**The data**
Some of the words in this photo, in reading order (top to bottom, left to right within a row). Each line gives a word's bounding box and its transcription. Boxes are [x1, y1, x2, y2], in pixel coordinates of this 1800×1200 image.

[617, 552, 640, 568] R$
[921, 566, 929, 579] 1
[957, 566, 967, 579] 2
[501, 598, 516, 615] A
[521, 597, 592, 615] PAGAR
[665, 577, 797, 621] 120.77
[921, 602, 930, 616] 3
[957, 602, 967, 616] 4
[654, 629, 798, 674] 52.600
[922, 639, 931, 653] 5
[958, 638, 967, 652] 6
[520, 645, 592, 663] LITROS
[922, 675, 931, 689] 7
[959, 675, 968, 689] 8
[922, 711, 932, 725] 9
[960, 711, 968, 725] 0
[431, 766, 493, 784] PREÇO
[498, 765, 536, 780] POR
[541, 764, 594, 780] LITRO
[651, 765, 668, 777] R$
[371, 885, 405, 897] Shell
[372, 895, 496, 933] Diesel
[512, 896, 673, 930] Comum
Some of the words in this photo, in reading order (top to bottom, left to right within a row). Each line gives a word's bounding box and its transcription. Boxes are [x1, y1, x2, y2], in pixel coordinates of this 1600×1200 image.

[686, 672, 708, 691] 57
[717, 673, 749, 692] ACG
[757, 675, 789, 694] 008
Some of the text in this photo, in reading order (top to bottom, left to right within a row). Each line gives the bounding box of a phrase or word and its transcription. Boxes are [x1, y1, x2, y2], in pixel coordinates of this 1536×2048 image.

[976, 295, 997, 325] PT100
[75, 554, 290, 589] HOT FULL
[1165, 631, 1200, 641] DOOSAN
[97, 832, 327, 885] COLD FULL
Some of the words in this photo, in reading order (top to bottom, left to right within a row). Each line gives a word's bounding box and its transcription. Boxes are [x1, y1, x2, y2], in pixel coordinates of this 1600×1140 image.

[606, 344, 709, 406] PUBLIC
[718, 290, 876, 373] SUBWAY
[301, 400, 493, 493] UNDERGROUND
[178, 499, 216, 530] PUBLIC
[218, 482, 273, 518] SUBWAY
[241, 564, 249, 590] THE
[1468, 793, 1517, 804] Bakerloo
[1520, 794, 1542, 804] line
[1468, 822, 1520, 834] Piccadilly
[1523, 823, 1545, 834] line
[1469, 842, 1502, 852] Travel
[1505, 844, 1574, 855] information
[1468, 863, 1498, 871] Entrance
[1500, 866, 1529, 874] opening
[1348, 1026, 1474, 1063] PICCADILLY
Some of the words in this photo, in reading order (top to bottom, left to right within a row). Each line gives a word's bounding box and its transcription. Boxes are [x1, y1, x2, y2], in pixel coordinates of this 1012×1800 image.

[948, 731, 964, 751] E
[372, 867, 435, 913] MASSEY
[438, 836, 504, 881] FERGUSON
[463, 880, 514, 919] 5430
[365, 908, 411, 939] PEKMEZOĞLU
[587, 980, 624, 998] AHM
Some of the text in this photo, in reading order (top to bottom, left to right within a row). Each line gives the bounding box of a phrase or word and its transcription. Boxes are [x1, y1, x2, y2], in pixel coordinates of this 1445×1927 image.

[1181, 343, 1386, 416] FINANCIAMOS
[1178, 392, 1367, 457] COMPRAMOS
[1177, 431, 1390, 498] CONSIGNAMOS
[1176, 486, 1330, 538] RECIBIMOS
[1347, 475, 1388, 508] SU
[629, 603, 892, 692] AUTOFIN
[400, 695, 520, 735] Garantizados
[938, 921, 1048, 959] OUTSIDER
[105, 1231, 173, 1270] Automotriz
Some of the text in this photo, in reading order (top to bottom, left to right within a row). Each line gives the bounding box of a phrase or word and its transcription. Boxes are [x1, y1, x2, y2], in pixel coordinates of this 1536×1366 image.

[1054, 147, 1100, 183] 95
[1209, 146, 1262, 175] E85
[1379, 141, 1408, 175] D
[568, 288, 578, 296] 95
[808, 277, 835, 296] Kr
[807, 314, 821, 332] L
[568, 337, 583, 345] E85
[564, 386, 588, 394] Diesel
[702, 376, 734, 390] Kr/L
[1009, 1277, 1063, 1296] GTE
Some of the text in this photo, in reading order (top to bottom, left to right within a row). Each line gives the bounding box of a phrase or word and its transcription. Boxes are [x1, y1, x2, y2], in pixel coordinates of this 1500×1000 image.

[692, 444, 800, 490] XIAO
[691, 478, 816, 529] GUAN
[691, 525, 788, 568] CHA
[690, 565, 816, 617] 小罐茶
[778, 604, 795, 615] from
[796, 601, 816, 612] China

**Problem to work on**
After reading the data above, return it verbatim in full.

**Finished exercise**
Some of the words in this photo, in reading order (top to bottom, left to right within a row). Each line gives a word's bounding box and its transcription. Boxes are [x1, y1, x2, y2], in pixel coordinates of this 1800×1200 image.

[617, 552, 640, 568] R$
[921, 566, 929, 579] 1
[957, 566, 967, 579] 2
[501, 598, 516, 615] A
[521, 597, 592, 615] PAGAR
[665, 577, 797, 621] 120.77
[921, 602, 930, 616] 3
[957, 602, 967, 616] 4
[654, 629, 798, 674] 52.600
[922, 639, 931, 653] 5
[958, 638, 967, 652] 6
[520, 645, 592, 663] LITROS
[922, 675, 931, 689] 7
[959, 675, 968, 689] 8
[922, 711, 932, 725] 9
[960, 711, 968, 725] 0
[431, 766, 493, 784] PREÇO
[498, 765, 536, 780] POR
[541, 764, 594, 780] LITRO
[651, 765, 668, 777] R$
[371, 885, 405, 897] Shell
[372, 895, 496, 933] Diesel
[512, 896, 673, 930] Comum
Some of the words in this photo, in reading order (top to bottom, left to right within a row). Each line gives a word's bounding box and its transcription. Boxes are [x1, y1, x2, y2], in pixel coordinates of this 1600×1200 image.

[686, 672, 708, 691] 57
[717, 673, 749, 692] ACG
[757, 675, 789, 694] 008
Some of the text in this photo, in reading order (top to bottom, left to right within a row). Each line gives the bounding box of a phrase or word and its transcription. Boxes are [x1, y1, x2, y2], in pixel coordinates of this 1536×2048 image.

[976, 295, 997, 325] PT100
[75, 554, 290, 589] HOT FULL
[1165, 631, 1200, 641] DOOSAN
[97, 832, 327, 885] COLD FULL
Some of the words in this photo, in reading order (top to bottom, left to right within a row). Each line gives a word's bounding box and its transcription. Boxes are [x1, y1, x2, y2], in pixel coordinates of this 1600×1140 image.

[606, 344, 709, 406] PUBLIC
[718, 290, 876, 373] SUBWAY
[301, 400, 493, 493] UNDERGROUND
[178, 499, 216, 530] PUBLIC
[218, 482, 273, 518] SUBWAY
[241, 564, 249, 590] THE
[1468, 793, 1517, 804] Bakerloo
[1520, 794, 1542, 804] line
[1468, 822, 1520, 834] Piccadilly
[1523, 823, 1545, 834] line
[1469, 842, 1502, 852] Travel
[1505, 844, 1574, 855] information
[1468, 863, 1498, 871] Entrance
[1500, 866, 1529, 874] opening
[1348, 1026, 1474, 1063] PICCADILLY
Some of the words in this photo, in reading order (top to bottom, left to right within a row). Each line gives a word's bounding box and its transcription. Boxes are [x1, y1, x2, y2], in pixel coordinates of this 1012×1800 image.

[948, 731, 964, 751] E
[372, 867, 435, 913] MASSEY
[438, 836, 504, 881] FERGUSON
[463, 880, 514, 919] 5430
[365, 908, 411, 939] PEKMEZOĞLU
[587, 980, 624, 998] AHM
Some of the text in this photo, in reading order (top to bottom, left to right within a row). Each line gives the bounding box of a phrase or word and its transcription. Boxes are [x1, y1, x2, y2], in pixel coordinates of this 1445×1927 image.

[1181, 343, 1386, 416] FINANCIAMOS
[1178, 392, 1367, 457] COMPRAMOS
[1177, 431, 1390, 498] CONSIGNAMOS
[1176, 486, 1330, 538] RECIBIMOS
[1347, 475, 1388, 508] SU
[629, 603, 892, 692] AUTOFIN
[400, 695, 520, 735] Garantizados
[938, 921, 1048, 959] OUTSIDER
[105, 1231, 173, 1270] Automotriz
Some of the text in this photo, in reading order (top to bottom, left to right within a row). Each line gives the bounding box of a phrase or word and its transcription. Boxes are [x1, y1, x2, y2], in pixel coordinates of this 1536×1366 image.

[1054, 147, 1100, 183] 95
[1209, 146, 1262, 175] E85
[1379, 141, 1408, 175] D
[568, 288, 578, 296] 95
[808, 277, 835, 296] Kr
[807, 314, 821, 332] L
[568, 337, 583, 345] E85
[564, 386, 588, 394] Diesel
[702, 376, 734, 390] Kr/L
[1009, 1277, 1063, 1296] GTE
Some of the text in this photo, in reading order (top to bottom, left to right within a row). Each line gives the bounding box of a phrase or word and its transcription. Boxes are [x1, y1, x2, y2], in pixel coordinates of this 1500×1000 image.

[692, 444, 800, 490] XIAO
[691, 478, 816, 529] GUAN
[691, 525, 788, 568] CHA
[690, 565, 816, 617] 小罐茶
[778, 604, 795, 615] from
[796, 601, 816, 612] China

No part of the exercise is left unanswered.